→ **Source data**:
- Opening Delimiter -

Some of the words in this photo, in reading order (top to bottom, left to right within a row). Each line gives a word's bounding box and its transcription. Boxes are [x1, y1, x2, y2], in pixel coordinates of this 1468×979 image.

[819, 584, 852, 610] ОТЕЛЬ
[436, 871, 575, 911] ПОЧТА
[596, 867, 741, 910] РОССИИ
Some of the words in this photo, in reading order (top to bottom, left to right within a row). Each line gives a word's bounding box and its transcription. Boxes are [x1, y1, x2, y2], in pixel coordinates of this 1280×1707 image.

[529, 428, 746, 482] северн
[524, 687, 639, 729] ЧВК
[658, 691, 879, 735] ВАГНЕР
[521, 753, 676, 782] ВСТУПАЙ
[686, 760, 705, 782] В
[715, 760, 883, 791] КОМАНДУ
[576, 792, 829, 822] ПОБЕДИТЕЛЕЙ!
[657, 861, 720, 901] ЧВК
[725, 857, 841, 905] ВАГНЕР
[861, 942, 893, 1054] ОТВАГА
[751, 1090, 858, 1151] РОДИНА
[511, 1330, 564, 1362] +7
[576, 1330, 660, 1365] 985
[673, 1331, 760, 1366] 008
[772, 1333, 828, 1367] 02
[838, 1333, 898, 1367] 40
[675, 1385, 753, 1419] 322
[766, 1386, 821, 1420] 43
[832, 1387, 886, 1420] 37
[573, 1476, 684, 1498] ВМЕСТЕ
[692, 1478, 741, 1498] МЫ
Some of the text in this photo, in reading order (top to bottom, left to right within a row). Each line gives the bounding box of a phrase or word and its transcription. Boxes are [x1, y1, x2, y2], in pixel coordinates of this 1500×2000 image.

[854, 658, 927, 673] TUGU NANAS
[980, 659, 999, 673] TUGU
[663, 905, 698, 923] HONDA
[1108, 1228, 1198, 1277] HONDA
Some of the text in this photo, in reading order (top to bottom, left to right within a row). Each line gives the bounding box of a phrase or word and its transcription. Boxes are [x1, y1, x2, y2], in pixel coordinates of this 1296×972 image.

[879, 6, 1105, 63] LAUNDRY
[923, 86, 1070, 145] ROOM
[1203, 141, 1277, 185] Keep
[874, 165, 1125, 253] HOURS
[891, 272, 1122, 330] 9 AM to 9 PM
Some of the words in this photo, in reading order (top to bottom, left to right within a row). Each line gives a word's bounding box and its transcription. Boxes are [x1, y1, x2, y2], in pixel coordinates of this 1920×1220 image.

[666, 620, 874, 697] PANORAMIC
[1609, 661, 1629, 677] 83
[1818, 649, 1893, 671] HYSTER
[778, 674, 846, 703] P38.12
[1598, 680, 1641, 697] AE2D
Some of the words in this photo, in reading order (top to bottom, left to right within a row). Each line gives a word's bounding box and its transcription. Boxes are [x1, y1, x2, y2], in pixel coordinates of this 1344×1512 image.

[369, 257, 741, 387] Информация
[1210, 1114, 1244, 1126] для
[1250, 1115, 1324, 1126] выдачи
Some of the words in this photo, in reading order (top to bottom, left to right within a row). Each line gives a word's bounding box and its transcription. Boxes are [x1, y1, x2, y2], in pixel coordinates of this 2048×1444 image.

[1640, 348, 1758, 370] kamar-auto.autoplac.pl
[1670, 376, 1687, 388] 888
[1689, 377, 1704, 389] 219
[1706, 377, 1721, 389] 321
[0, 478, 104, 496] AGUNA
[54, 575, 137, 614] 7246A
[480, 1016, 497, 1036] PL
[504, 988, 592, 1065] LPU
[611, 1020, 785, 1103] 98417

- Closing Delimiter -

→ **TASK INSTRUCTIONS**: Could you copy each line above word for word?

→ **SOLUTION FOR THIS EXERCISE**:
Some of the words in this photo, in reading order (top to bottom, left to right within a row). Each line gives a word's bounding box and its transcription. Boxes are [x1, y1, x2, y2], in pixel coordinates of this 1468×979 image.

[819, 584, 852, 610] ОТЕЛЬ
[436, 871, 575, 911] ПОЧТА
[596, 867, 741, 910] РОССИИ
Some of the words in this photo, in reading order (top to bottom, left to right within a row). Each line gives a word's bounding box and its transcription. Boxes are [x1, y1, x2, y2], in pixel coordinates of this 1280×1707 image.

[529, 428, 746, 482] северн
[524, 687, 639, 729] ЧВК
[658, 691, 879, 735] ВАГНЕР
[521, 753, 676, 782] ВСТУПАЙ
[686, 760, 705, 782] В
[715, 760, 883, 791] КОМАНДУ
[576, 792, 829, 822] ПОБЕДИТЕЛЕЙ!
[657, 861, 720, 901] ЧВК
[725, 857, 841, 905] ВАГНЕР
[861, 942, 893, 1054] ОТВАГА
[751, 1090, 858, 1151] РОДИНА
[511, 1330, 564, 1362] +7
[576, 1330, 660, 1365] 985
[673, 1331, 760, 1366] 008
[772, 1333, 828, 1367] 02
[838, 1333, 898, 1367] 40
[675, 1385, 753, 1419] 322
[766, 1386, 821, 1420] 43
[832, 1387, 886, 1420] 37
[573, 1476, 684, 1498] ВМЕСТЕ
[692, 1478, 741, 1498] МЫ
Some of the text in this photo, in reading order (top to bottom, left to right within a row). Each line gives the bounding box of a phrase or word and its transcription. Boxes are [x1, y1, x2, y2], in pixel coordinates of this 1500×2000 image.

[854, 658, 927, 673] TUGU NANAS
[980, 659, 999, 673] TUGU
[663, 905, 698, 923] HONDA
[1108, 1228, 1198, 1277] HONDA
Some of the text in this photo, in reading order (top to bottom, left to right within a row). Each line gives the bounding box of a phrase or word and its transcription. Boxes are [x1, y1, x2, y2], in pixel coordinates of this 1296×972 image.

[879, 6, 1105, 63] LAUNDRY
[923, 86, 1070, 145] ROOM
[1203, 141, 1277, 185] Keep
[874, 165, 1125, 253] HOURS
[891, 272, 1122, 330] 9 AM to 9 PM
Some of the words in this photo, in reading order (top to bottom, left to right within a row). Each line gives a word's bounding box and its transcription. Boxes are [x1, y1, x2, y2], in pixel coordinates of this 1920×1220 image.

[666, 620, 874, 697] PANORAMIC
[1609, 661, 1629, 677] 83
[1818, 649, 1893, 671] HYSTER
[778, 674, 846, 703] P38.12
[1598, 680, 1641, 697] AE2D
Some of the words in this photo, in reading order (top to bottom, left to right within a row). Each line gives a word's bounding box and its transcription. Boxes are [x1, y1, x2, y2], in pixel coordinates of this 1344×1512 image.

[369, 257, 741, 387] Информация
[1210, 1114, 1244, 1126] для
[1250, 1115, 1324, 1126] выдачи
Some of the words in this photo, in reading order (top to bottom, left to right within a row). Each line gives a word's bounding box and its transcription. Boxes are [x1, y1, x2, y2], in pixel coordinates of this 2048×1444 image.

[1640, 348, 1758, 370] kamar-auto.autoplac.pl
[1670, 376, 1687, 388] 888
[1689, 377, 1704, 389] 219
[1706, 377, 1721, 389] 321
[0, 478, 104, 496] AGUNA
[54, 575, 137, 614] 7246A
[480, 1016, 497, 1036] PL
[504, 988, 592, 1065] LPU
[611, 1020, 785, 1103] 98417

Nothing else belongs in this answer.